The investors and creditors, including the lawsuit's named plaintiff, Louisiana-based shipping company Otto Candies, filed notice June 22 that they will appeal the June 15 decision by U.S. District Judge Darrin P. Gayles to the 11th U.S. Circuit Court of Appeals in Atlanta.

Citigroup has been pushing to have the case heard in Mexico.

"Plaintiffs are a diverse group of entities including shipping companies, investment funds and a bank, located all over the world including in the United States, Mexico, the Caribbean, South America, Europe, and the Middle East," Gayles said in his 15-page amended order issued June 15, dismissing the case.

"Plaintiffs bring this action as vendors, creditors, and bondholders of Oceanografía S.A. de C.V. (OSA), a now bankrupt Mexican oil and gas services company. Petroleos Mexicanos S.A. de C.V. is Mexico’s state-owned oil and gas company and, at one time, one of the largest customers of OSA's offshore drilling services," Gayles ruling said.

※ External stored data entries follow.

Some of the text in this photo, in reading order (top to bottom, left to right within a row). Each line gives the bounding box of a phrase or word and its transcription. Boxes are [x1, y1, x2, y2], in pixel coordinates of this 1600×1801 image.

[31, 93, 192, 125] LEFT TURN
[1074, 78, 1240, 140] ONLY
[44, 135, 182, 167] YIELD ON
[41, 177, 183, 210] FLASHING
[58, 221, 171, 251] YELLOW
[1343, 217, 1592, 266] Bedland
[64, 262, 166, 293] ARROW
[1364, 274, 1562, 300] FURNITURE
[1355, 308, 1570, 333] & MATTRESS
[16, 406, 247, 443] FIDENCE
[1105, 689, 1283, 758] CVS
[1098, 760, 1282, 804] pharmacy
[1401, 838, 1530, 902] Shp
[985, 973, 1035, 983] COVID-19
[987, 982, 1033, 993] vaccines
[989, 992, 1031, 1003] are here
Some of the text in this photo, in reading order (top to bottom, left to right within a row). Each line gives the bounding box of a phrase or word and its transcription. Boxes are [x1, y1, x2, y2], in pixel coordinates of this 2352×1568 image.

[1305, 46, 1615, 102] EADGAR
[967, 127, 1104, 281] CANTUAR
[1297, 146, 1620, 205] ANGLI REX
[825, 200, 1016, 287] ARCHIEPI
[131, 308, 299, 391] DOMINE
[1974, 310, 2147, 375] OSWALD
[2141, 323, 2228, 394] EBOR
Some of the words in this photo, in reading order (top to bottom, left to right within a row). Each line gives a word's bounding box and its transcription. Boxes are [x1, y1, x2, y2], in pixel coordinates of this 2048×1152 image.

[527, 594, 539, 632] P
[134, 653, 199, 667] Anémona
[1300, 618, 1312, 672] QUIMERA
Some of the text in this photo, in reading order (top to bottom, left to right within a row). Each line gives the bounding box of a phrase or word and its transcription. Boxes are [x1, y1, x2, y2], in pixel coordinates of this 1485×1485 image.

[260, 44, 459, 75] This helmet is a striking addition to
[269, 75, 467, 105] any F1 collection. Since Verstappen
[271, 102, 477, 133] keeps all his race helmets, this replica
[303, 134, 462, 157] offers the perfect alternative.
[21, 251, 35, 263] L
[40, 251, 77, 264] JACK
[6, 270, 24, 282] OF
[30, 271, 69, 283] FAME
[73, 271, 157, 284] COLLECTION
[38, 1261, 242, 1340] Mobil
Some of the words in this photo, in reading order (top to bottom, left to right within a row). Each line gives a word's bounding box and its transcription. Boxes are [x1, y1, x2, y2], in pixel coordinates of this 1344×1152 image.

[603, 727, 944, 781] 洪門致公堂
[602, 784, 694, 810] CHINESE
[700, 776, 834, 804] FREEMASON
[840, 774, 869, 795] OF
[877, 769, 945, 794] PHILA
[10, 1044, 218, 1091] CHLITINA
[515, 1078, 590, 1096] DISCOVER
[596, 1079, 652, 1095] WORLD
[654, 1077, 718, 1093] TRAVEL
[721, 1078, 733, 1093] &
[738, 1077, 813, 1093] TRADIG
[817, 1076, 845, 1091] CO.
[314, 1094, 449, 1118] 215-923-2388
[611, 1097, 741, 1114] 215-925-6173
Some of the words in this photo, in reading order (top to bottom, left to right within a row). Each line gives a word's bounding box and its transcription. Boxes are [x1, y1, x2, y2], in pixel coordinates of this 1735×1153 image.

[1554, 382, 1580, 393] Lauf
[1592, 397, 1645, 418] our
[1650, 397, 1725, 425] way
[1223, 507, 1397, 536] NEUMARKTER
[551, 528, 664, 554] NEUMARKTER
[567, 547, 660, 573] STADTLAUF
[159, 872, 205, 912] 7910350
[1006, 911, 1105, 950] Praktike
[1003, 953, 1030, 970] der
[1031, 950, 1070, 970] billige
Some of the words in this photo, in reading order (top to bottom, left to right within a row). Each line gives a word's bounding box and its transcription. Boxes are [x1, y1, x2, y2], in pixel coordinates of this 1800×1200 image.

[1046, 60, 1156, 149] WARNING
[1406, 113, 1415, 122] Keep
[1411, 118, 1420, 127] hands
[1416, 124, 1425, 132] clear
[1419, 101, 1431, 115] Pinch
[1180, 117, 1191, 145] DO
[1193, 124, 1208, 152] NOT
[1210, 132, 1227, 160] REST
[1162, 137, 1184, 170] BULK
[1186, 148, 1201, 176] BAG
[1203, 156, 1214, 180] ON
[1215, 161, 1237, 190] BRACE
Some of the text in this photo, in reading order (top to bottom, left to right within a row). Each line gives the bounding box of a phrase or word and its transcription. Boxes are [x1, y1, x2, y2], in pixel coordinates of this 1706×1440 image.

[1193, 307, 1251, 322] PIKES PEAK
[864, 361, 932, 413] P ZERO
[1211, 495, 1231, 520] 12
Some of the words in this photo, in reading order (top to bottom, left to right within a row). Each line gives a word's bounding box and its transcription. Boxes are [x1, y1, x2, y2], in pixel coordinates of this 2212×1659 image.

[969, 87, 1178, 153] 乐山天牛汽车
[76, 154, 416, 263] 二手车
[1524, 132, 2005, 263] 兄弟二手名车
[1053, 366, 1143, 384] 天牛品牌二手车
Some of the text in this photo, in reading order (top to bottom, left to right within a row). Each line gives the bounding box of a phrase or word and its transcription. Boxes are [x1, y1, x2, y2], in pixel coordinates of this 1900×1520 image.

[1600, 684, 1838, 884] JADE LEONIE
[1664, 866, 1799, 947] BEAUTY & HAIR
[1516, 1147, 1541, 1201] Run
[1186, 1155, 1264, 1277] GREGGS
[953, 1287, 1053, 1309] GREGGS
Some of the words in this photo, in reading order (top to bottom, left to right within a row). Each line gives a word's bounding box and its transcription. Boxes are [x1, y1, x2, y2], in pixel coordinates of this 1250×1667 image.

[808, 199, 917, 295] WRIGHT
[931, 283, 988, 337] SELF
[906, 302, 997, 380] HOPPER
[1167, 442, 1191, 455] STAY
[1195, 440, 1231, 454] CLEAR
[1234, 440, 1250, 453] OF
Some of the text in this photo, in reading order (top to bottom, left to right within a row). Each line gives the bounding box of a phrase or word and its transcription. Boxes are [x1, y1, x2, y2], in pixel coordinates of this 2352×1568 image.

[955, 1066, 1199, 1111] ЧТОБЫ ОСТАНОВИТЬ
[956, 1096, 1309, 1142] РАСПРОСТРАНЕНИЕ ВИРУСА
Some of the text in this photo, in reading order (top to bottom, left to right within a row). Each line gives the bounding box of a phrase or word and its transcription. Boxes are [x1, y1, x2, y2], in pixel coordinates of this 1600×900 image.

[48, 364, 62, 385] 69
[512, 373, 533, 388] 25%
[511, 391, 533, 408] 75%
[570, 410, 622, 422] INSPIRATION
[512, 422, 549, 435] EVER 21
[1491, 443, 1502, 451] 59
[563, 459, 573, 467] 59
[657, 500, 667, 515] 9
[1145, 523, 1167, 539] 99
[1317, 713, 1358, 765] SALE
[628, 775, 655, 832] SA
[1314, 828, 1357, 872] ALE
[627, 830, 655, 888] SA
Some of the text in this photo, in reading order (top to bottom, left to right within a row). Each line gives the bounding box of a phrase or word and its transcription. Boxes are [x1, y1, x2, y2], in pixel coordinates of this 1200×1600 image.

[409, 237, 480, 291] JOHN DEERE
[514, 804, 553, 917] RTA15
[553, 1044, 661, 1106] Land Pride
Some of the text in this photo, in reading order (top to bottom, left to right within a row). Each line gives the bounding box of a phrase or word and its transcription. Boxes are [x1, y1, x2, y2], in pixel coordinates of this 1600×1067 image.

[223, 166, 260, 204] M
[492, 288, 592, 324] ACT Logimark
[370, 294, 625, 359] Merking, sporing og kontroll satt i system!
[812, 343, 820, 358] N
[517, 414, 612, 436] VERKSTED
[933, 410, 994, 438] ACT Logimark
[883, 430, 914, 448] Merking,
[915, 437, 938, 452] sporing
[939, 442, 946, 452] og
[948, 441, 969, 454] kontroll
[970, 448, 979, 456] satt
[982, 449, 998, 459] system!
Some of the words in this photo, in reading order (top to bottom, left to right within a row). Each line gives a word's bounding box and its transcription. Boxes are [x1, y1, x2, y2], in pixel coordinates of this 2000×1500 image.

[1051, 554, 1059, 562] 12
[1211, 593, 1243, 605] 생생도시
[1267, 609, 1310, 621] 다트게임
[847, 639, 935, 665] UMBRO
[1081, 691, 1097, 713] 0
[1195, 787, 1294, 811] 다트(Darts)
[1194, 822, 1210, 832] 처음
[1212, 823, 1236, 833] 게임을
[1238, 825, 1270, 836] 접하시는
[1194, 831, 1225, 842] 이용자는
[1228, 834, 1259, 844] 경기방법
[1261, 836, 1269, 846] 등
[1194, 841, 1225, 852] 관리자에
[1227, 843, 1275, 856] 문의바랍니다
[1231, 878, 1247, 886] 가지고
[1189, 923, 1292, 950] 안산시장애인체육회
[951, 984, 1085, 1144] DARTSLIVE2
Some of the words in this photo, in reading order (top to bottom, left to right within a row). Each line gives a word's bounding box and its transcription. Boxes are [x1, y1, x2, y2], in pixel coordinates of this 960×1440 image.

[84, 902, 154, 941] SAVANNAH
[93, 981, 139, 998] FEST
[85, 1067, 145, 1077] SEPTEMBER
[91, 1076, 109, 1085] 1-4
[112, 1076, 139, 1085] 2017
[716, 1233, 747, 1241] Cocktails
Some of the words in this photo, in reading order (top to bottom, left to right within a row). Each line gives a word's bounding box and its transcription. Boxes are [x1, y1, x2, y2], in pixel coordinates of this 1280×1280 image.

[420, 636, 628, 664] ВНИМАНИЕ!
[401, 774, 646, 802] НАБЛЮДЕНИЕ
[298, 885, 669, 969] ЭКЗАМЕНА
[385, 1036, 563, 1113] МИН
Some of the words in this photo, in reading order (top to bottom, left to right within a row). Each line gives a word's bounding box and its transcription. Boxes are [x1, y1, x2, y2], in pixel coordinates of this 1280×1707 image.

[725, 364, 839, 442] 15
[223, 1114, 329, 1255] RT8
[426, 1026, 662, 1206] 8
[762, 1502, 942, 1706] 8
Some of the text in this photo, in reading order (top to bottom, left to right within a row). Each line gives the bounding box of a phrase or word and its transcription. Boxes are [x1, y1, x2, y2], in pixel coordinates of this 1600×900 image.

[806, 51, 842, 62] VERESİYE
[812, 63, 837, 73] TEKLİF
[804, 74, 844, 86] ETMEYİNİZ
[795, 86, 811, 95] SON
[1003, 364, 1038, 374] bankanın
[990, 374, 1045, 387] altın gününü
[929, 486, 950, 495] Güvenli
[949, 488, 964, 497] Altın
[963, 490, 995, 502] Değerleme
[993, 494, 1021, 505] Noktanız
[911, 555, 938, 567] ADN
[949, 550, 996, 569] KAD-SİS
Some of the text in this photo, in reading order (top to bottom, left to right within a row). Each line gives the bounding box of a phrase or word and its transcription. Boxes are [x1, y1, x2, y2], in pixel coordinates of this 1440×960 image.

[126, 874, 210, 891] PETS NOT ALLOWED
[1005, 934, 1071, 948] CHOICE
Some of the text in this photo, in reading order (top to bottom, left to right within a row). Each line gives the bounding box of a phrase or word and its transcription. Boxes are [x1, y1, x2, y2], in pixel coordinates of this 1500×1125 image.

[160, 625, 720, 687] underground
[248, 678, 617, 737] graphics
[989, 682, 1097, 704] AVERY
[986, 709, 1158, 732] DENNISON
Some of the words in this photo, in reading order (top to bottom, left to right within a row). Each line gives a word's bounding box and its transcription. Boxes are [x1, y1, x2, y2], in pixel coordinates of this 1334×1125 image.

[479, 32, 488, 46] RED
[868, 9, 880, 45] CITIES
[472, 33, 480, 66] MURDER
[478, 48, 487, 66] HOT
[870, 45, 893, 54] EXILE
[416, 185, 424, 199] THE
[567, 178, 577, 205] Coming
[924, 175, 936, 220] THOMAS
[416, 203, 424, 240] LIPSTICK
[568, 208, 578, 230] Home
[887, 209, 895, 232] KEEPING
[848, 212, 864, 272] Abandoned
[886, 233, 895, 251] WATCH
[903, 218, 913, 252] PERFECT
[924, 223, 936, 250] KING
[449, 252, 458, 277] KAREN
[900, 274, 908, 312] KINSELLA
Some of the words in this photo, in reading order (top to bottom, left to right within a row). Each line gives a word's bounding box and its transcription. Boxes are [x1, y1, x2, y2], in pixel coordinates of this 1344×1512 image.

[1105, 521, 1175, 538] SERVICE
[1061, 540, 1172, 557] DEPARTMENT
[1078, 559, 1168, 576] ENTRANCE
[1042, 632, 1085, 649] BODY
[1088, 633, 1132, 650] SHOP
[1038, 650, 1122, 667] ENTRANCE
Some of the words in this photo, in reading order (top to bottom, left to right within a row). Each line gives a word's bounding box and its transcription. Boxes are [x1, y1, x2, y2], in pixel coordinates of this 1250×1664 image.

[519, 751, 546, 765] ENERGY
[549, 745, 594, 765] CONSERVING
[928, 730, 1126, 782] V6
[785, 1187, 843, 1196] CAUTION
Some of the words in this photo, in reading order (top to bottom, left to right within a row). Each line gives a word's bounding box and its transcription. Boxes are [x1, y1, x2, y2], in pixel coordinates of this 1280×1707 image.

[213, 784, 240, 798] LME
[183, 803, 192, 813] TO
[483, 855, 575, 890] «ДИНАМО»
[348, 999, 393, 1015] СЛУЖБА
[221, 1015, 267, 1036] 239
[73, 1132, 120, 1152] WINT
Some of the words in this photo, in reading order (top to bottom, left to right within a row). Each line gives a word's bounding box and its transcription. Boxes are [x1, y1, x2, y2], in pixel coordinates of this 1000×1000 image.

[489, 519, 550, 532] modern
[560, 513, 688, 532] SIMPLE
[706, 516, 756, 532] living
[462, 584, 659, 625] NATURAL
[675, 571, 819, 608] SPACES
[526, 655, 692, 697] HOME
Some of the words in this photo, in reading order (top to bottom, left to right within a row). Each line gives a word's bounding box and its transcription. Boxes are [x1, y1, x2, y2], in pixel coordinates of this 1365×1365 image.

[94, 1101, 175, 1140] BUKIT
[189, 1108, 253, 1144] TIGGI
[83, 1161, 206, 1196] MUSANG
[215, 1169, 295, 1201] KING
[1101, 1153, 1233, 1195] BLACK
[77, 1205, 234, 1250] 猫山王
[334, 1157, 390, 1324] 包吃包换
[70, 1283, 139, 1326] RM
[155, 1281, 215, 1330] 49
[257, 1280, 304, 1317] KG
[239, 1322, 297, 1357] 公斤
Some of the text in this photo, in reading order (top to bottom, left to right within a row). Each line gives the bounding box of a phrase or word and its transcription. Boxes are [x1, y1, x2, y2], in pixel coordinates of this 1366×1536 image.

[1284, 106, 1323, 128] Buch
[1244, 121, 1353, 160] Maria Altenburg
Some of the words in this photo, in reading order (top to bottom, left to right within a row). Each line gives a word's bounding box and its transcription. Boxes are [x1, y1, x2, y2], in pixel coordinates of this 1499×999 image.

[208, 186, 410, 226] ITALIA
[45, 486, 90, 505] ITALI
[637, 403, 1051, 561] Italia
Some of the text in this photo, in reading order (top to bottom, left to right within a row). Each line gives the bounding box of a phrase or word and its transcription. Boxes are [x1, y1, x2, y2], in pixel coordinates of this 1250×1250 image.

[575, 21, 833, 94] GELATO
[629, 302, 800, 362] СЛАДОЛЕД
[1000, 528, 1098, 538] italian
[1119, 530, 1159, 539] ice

Plaintiffs filed suit against Citigroup in February 2016 claiming they were defrauded as part of a loan scheme that lead to OSA's collapse in 2014.

During a hearing in November, Citigroup asked Gayles to dismiss the case, saying "Mexico is the more appropriate forum" and, alternatively, that plaintiffs in the case had failed to state a claim as required under federal rules of civil procedure. "Defendant argues that based on its stipulation to submit to jurisdiction and waive statute of limitations defenses, plaintiffs can easily reinstate this action in Mexico without undue inconvenience or prejudice," Gayles said in his order. "As plaintiffs do not contest defendant's representation, the court finds defendant's stipulations sufficient to establish that plaintiffs can reinstate their case in Mexico without undue burden."

Gayle's dismissal was conditional on Citigroup consenting to jurisdiction of Mexican courts, that they waive all applicable statute of limitations defenses that could be attributed to filing the case in Mexico and agree to "the enforcement of any final Mexican judgment against it as to its assets in Mexico or the United States."